Kiedy więc James dowiedział się, że pani Hoggett została znaleziona martwa na dole schodów w Wych Hall, poczuł, że jego starannie zbudowana iluzja spokoju jest w strzępach. Śnił, jak zwykle, o wojnie. Ale tym razem zapach moździerzy i krwi przeniknął do jego spokojnego domu, paski mięsa i pozbawione życia ciała zaśmiecały ulice Wychcomb St. Mary. Kiedy się obudził, żałował, że w ogóle nie spał.

***

Po prawie dekadzie życia z walizek, Leo Page miał to opanowane do perfekcji. Wiedział, że jego zapasowy rewolwer mieści się w etui na golenie, i że jeśli zwinie ciasno swoje ubrania, może zmieścić cztery koszule i parę spodni w jednej walizce z miejscem na książkę, której nigdy nie zdąży przeczytać. Nosił ten sam egzemplarz Middlemarcha do Wiednia, potem do Kairu i z powrotem do Anglii, nie przebrnąwszy przez pierwszy rozdział. Może to się zmieni teraz, gdy był w Londynie, choć trudno było sobie wyobrazić przyszłość, która zakładała czas na czytanie czegokolwiek innego niż akta.

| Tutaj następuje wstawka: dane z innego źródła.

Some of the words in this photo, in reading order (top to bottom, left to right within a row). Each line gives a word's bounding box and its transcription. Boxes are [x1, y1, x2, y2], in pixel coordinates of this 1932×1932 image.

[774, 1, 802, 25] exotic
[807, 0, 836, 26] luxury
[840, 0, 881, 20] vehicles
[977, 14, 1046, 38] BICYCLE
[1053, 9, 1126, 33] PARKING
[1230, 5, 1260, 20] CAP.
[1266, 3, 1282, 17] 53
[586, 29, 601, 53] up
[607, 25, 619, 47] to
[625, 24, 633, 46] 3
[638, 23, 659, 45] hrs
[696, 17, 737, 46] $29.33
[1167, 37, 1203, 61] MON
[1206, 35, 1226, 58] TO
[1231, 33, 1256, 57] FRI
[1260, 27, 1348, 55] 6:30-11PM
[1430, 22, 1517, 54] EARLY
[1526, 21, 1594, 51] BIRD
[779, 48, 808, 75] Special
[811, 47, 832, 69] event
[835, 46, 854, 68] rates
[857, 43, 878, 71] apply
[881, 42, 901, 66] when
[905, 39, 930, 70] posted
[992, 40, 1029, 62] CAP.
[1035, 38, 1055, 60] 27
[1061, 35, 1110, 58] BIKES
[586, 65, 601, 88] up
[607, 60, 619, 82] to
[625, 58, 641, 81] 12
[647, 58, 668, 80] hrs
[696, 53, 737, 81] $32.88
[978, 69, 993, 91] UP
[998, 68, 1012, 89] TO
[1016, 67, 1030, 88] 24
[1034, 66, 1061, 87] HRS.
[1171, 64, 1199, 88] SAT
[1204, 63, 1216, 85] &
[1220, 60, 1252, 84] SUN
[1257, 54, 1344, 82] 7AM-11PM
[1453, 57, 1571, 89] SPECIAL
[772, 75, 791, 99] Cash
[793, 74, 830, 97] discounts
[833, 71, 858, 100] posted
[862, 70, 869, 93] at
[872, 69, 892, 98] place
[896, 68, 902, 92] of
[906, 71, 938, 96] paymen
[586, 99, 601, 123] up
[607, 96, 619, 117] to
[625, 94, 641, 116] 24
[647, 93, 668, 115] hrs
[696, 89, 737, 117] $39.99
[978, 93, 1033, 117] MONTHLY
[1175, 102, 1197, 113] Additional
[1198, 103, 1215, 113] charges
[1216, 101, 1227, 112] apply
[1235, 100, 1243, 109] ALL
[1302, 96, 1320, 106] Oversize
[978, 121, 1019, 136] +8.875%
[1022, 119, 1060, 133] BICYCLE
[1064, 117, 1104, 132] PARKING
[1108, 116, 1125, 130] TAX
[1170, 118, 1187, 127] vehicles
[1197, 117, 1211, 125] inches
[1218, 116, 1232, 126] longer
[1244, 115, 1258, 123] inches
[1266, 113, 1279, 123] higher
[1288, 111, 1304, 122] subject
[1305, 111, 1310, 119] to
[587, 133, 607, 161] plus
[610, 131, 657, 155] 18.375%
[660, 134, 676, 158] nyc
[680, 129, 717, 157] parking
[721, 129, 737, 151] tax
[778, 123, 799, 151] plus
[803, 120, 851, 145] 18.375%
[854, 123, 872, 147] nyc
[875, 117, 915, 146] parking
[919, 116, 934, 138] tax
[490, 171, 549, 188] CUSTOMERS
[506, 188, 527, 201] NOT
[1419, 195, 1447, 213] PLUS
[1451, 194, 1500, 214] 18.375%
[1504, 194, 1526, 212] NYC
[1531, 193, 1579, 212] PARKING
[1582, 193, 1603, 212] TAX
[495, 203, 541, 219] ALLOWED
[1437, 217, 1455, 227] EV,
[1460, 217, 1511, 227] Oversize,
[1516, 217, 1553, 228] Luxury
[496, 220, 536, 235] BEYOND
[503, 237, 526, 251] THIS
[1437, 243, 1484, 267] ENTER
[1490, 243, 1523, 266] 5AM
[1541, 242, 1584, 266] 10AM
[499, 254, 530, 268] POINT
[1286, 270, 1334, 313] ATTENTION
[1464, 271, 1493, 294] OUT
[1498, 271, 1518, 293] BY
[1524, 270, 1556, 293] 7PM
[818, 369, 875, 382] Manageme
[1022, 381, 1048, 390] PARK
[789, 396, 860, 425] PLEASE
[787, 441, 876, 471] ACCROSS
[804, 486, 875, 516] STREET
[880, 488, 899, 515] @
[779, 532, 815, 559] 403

Kiedy otrzymał telegram wzywający go do powrotu, zastanawiał się, czy nie nadszedł już czas na zdobycie mieszkania i tego, co się w nim umieszcza. Pościel. Czajnik. Może kota. Niejasne były dla niego szczegóły dotyczące tego, jak ludzie żyli w czasie pokoju. Był grudzień 1946 roku, a on od początku 1937 roku nie spędził w jednym miejscu więcej niż miesiąc.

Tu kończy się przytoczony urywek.